What’s the problem with the above computation?

This seems fine if we are working on data in smaller quantities, but we work with data in larger quantities, this approach becomes really inefficient. This is where these powerful libraries come in to aid us.

Don’t worry if you don’t get the syntax initially; you’ll get it as we progress through the post.

# load the numpy library
import numpy as np
a = np.array([1, 2, 3, 4, 5])
print(a)

res = a * 2
print(res)
[1 2 3 4 5]
[ 2  4  6  8 10]

This library uses a vectorized approach, which simply means applying the operations on whole arrays instead of individual elements. This vectorized code is highly optimized and written in C.

%%timeit
multiply_2(l)
The slowest run took 4.88 times longer than the fastest. This could mean that an intermediate result is being cached.
77.5 µs ± 33 µs per loop (mean ± std. dev. of 7 runs, 100000 loops each)
%%timeit
a * 2
995 ns ± 292 ns per loop (mean ± std. dev. of 7 runs, 1000000 loops each)

The time of execution when using these libraries is really short compared to regular python. There are many more reasons that drive us towards the usage of these libraries. But let’s get started with the usage of these libraries.

Basics

Numpy is the core library for doing scientific computing in Python involves working the multidimensional arrays. Many libraries are built on top of NumPy.

A NumPy array is a grid of values, all of the same type. Nested python lists can be used to initialize the array. You can access elements with square brackets for the 1D array, but for the 2D array, it’s a little different.

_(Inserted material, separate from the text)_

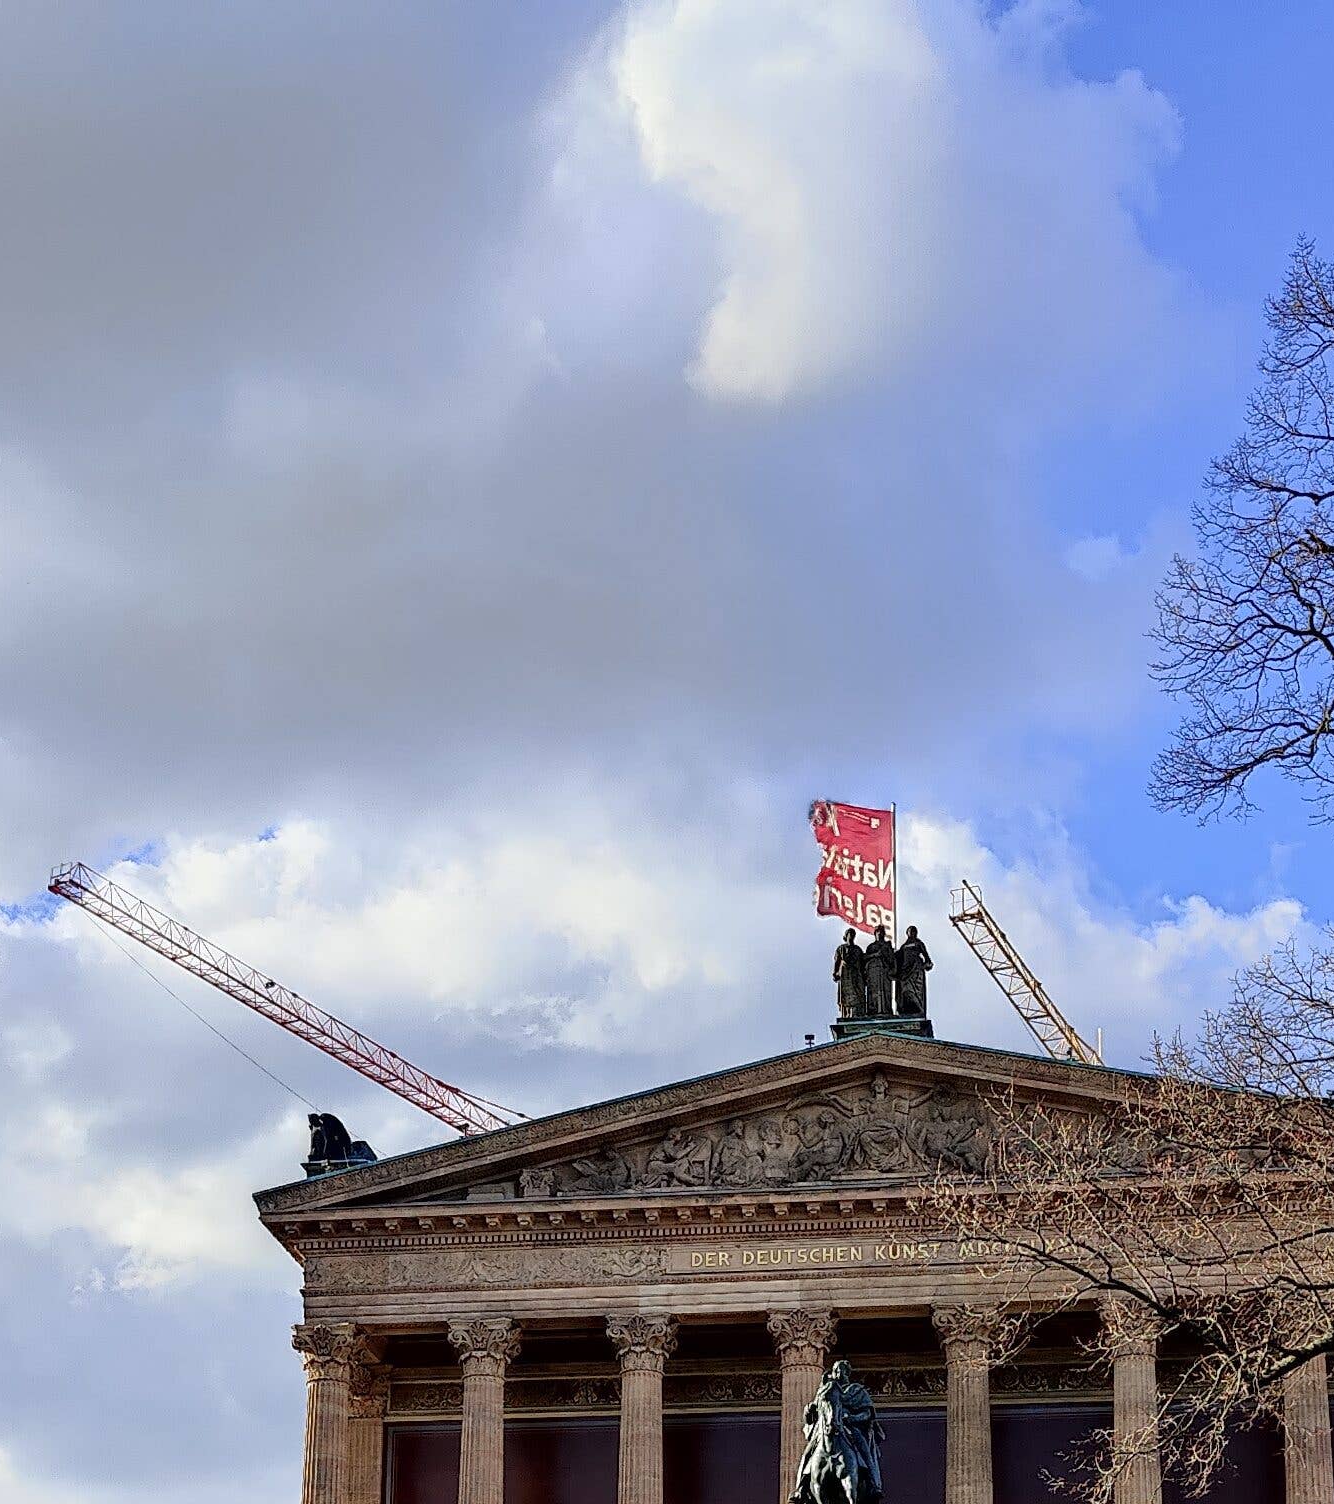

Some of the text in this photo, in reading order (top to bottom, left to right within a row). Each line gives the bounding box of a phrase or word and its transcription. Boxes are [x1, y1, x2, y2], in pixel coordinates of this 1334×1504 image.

# load the library using np as alias
import numpy as np
# Create a 1D array
a = np.array([1, 2, 3, 4])
print(a)

# Create a 2D array
b = np.array([[1, 2], [3, 4]])
print(b)
[1 2 3 4]
[[1 2]
 [3 4]]

Let’s write a function which gives us more details of these NumPy arrays:

def print_info(arr):
    """
    Prints details of the numpy array
    Parameters:
    arr - nd array
          Input array
    """
    print('number of elements:', arr.size)
    print('number of dimensions:', arr.ndim)
    print('shape:', arr.shape)
    print('data type:', arr.dtype)
    print('strides:', arr.strides)
    print('flags:', arr.flags)
print_info(a)
number of elements: 4
number of dimensions: 1
shape: (4,)
data type: int64
strides: (8,)
flags:   C_CONTIGUOUS : True
  F_CONTIGUOUS : True
  OWNDATA : True
  WRITEABLE : True
  ALIGNED : True
  WRITEBACKIFCOPY : False
  UPDATEIFCOPY : False
print_info(b)
number of elements: 4
number of dimensions: 2
shape: (2, 2)
data type: int64
strides: (16, 8)
flags:   C_CONTIGUOUS : True
  F_CONTIGUOUS : False
  OWNDATA : True
  WRITEABLE : True
  ALIGNED : True
  WRITEBACKIFCOPY : False
  UPDATEIFCOPY : False

Numpy arrays are referenced based. They point to the same array in memory when you assign a defined array to another variable. So you should be careful that you don’t modify the information in place, which may be useful for later purposes.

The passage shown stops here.